Output each record exactly, excluding pictures.
+++ Dataset records +++
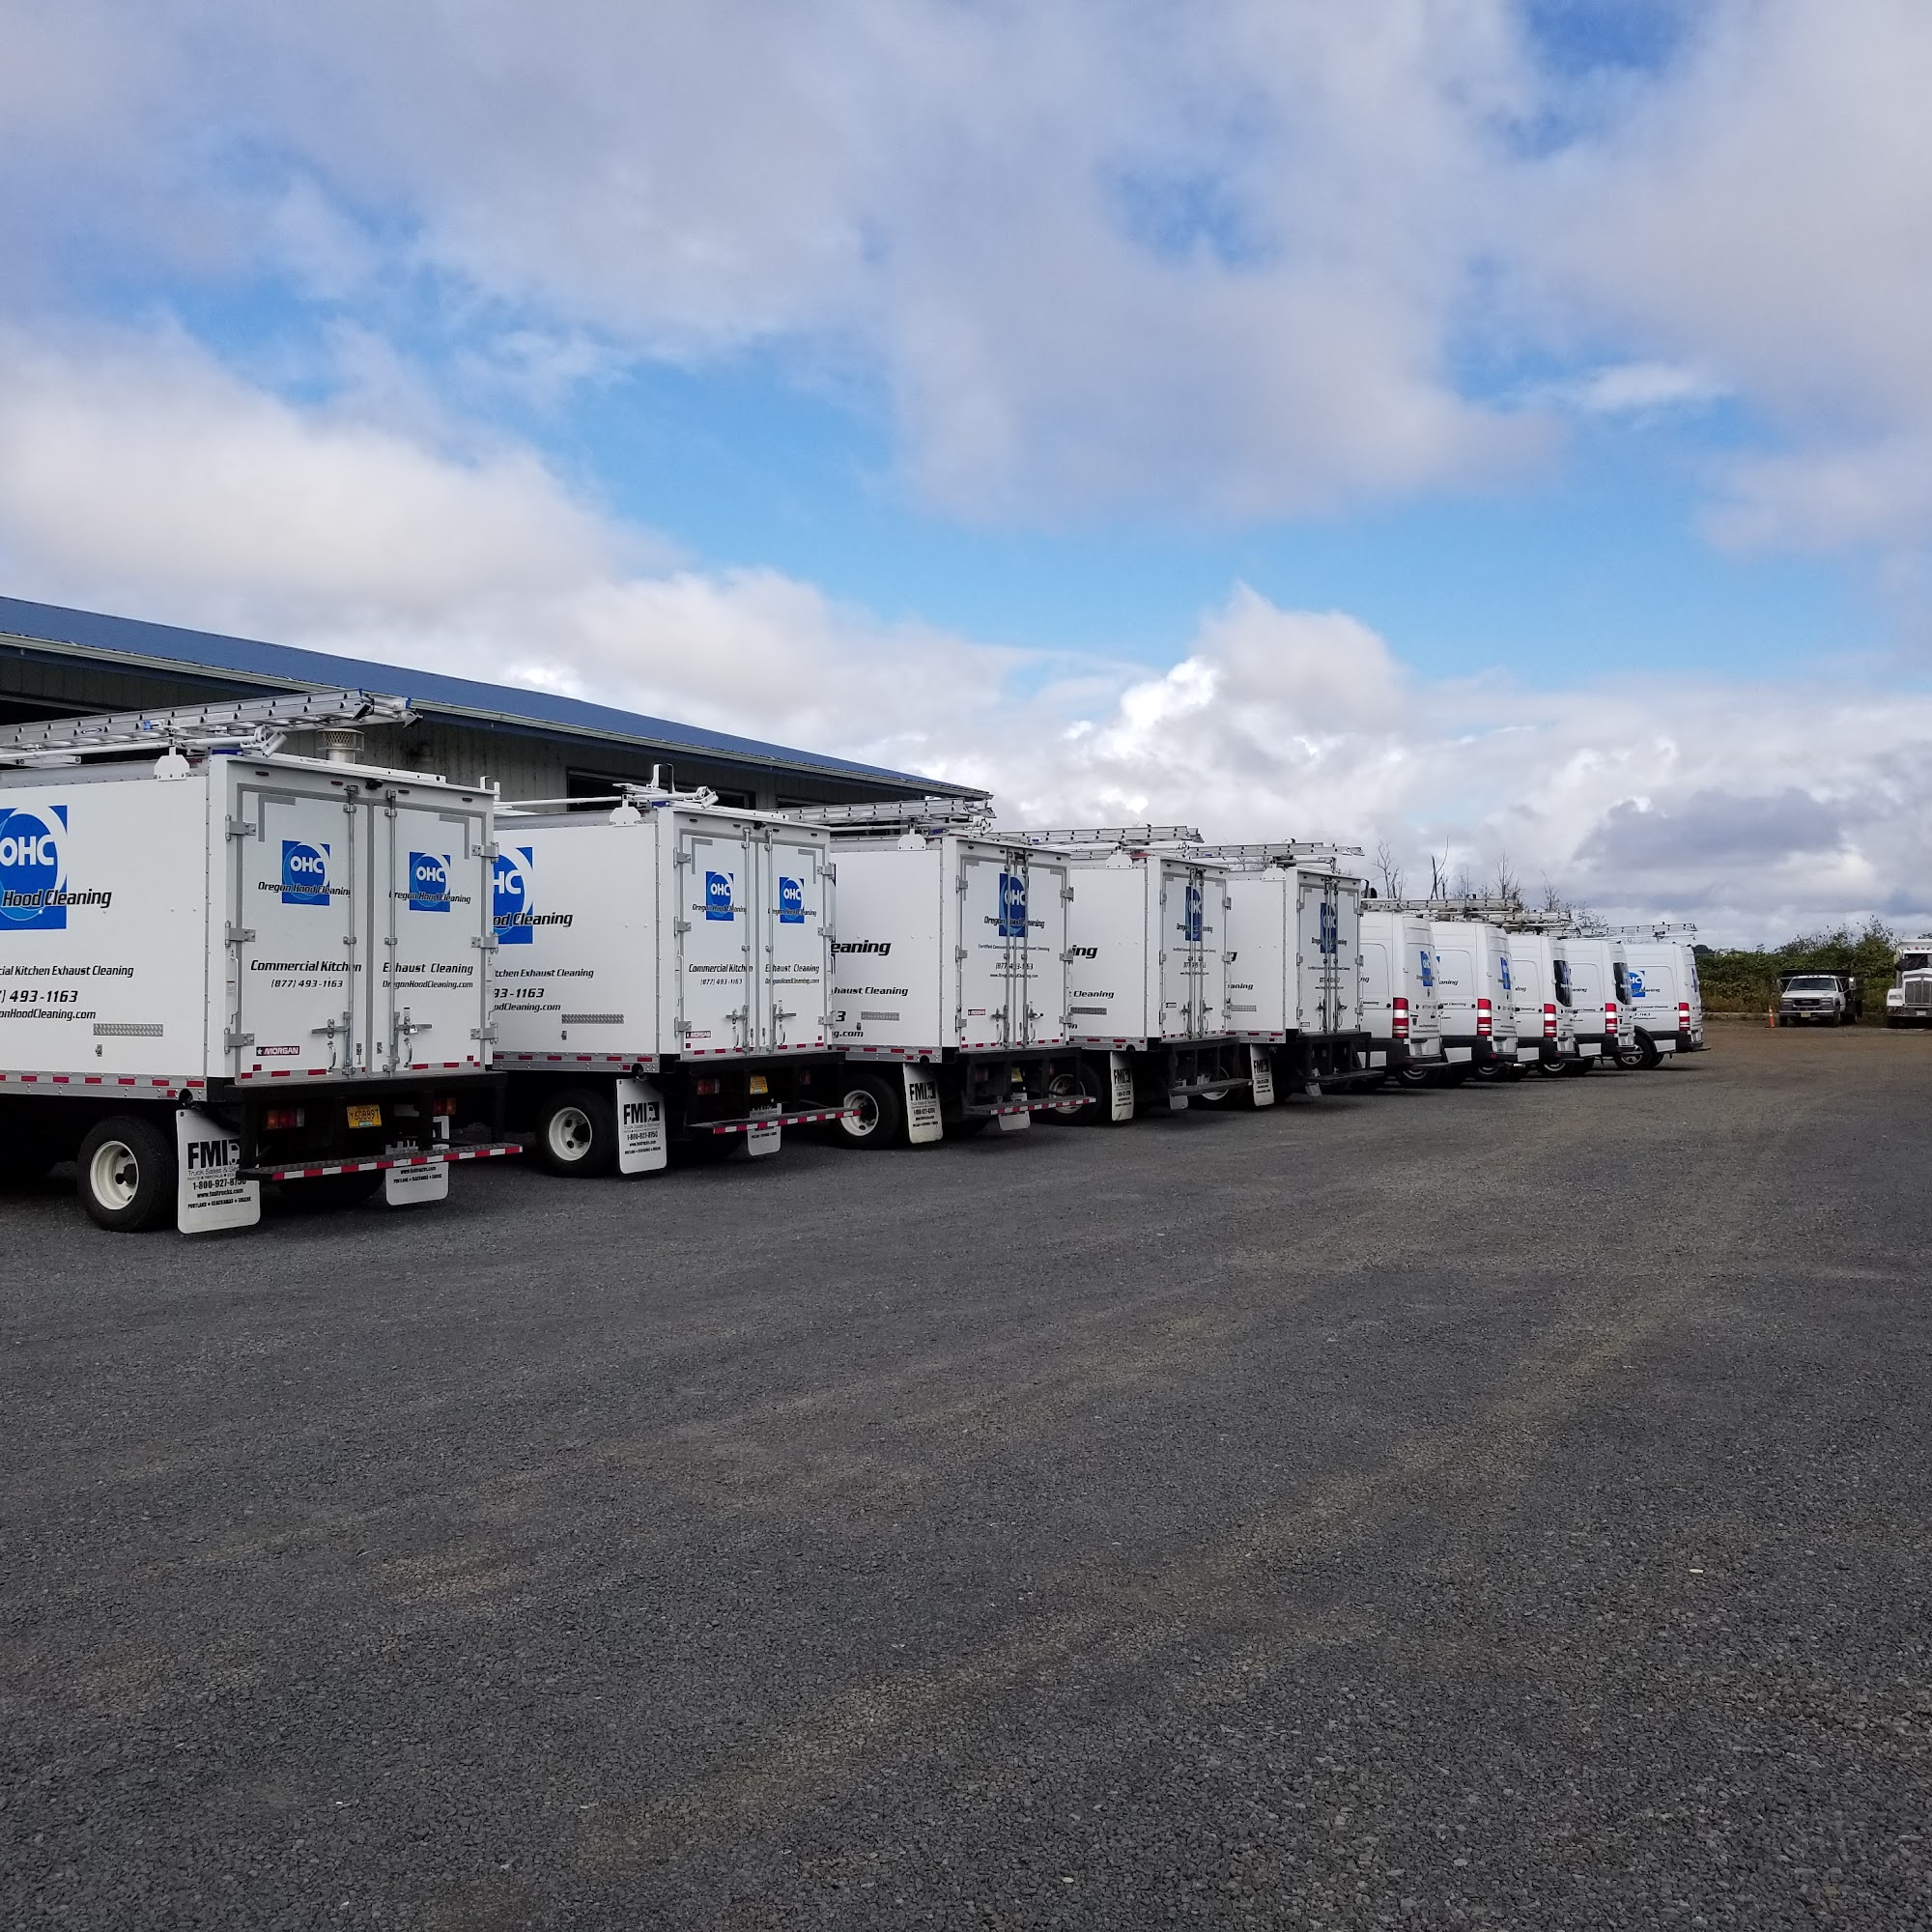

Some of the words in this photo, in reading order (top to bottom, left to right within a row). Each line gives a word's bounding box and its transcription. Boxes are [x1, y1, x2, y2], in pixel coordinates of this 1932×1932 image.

[0, 834, 54, 867] OHC
[291, 856, 324, 873] OHC
[416, 867, 445, 883] OHC
[258, 881, 292, 894] Oregon
[293, 883, 318, 894] Hood
[711, 883, 731, 895] OHC
[2, 889, 43, 907] Hood
[44, 888, 112, 908] Cleaning
[418, 892, 440, 901] Hood
[440, 894, 471, 904] Cleaning
[783, 888, 801, 900] OHC
[692, 903, 712, 913] Oregon
[513, 912, 574, 927] Cleaning
[831, 940, 892, 955] eaning
[14, 965, 50, 976] Kitchen
[51, 965, 91, 976] Exhaust
[92, 965, 134, 978] Cleaning
[250, 959, 320, 972] Commercial
[320, 961, 362, 973] Kitchn
[383, 962, 427, 973] Ehaust
[430, 963, 474, 977] Cleaning
[688, 963, 728, 973] Commercial
[728, 964, 753, 973] Kitchn
[765, 963, 792, 973] Ehaust
[793, 963, 820, 975] Cleaning
[495, 969, 519, 978] tchen
[520, 969, 555, 978] Exhaust
[556, 968, 595, 979] Cleaning
[270, 979, 297, 988] (877)
[298, 979, 344, 988] 493-1163
[765, 978, 820, 986] OrgonHoodCleaning.com
[865, 986, 909, 996] Cleaning
[1073, 990, 1115, 999] Cleaning
[832, 1030, 864, 1038] g.com
[264, 1046, 299, 1055] MORGAN
[624, 1102, 647, 1124] FMI
[187, 1140, 229, 1169] FMI
+++
# Your response
Some of the words in this photo, in reading order (top to bottom, left to right within a row). Each line gives a word's bounding box and its transcription. Boxes are [x1, y1, x2, y2], in pixel coordinates of this 1932×1932 image.

[0, 834, 54, 867] OHC
[291, 856, 324, 873] OHC
[416, 867, 445, 883] OHC
[258, 881, 292, 894] Oregon
[293, 883, 318, 894] Hood
[711, 883, 731, 895] OHC
[2, 889, 43, 907] Hood
[44, 888, 112, 908] Cleaning
[418, 892, 440, 901] Hood
[440, 894, 471, 904] Cleaning
[783, 888, 801, 900] OHC
[692, 903, 712, 913] Oregon
[513, 912, 574, 927] Cleaning
[831, 940, 892, 955] eaning
[14, 965, 50, 976] Kitchen
[51, 965, 91, 976] Exhaust
[92, 965, 134, 978] Cleaning
[250, 959, 320, 972] Commercial
[320, 961, 362, 973] Kitchn
[383, 962, 427, 973] Ehaust
[430, 963, 474, 977] Cleaning
[688, 963, 728, 973] Commercial
[728, 964, 753, 973] Kitchn
[765, 963, 792, 973] Ehaust
[793, 963, 820, 975] Cleaning
[495, 969, 519, 978] tchen
[520, 969, 555, 978] Exhaust
[556, 968, 595, 979] Cleaning
[270, 979, 297, 988] (877)
[298, 979, 344, 988] 493-1163
[765, 978, 820, 986] OrgonHoodCleaning.com
[865, 986, 909, 996] Cleaning
[1073, 990, 1115, 999] Cleaning
[832, 1030, 864, 1038] g.com
[264, 1046, 299, 1055] MORGAN
[624, 1102, 647, 1124] FMI
[187, 1140, 229, 1169] FMI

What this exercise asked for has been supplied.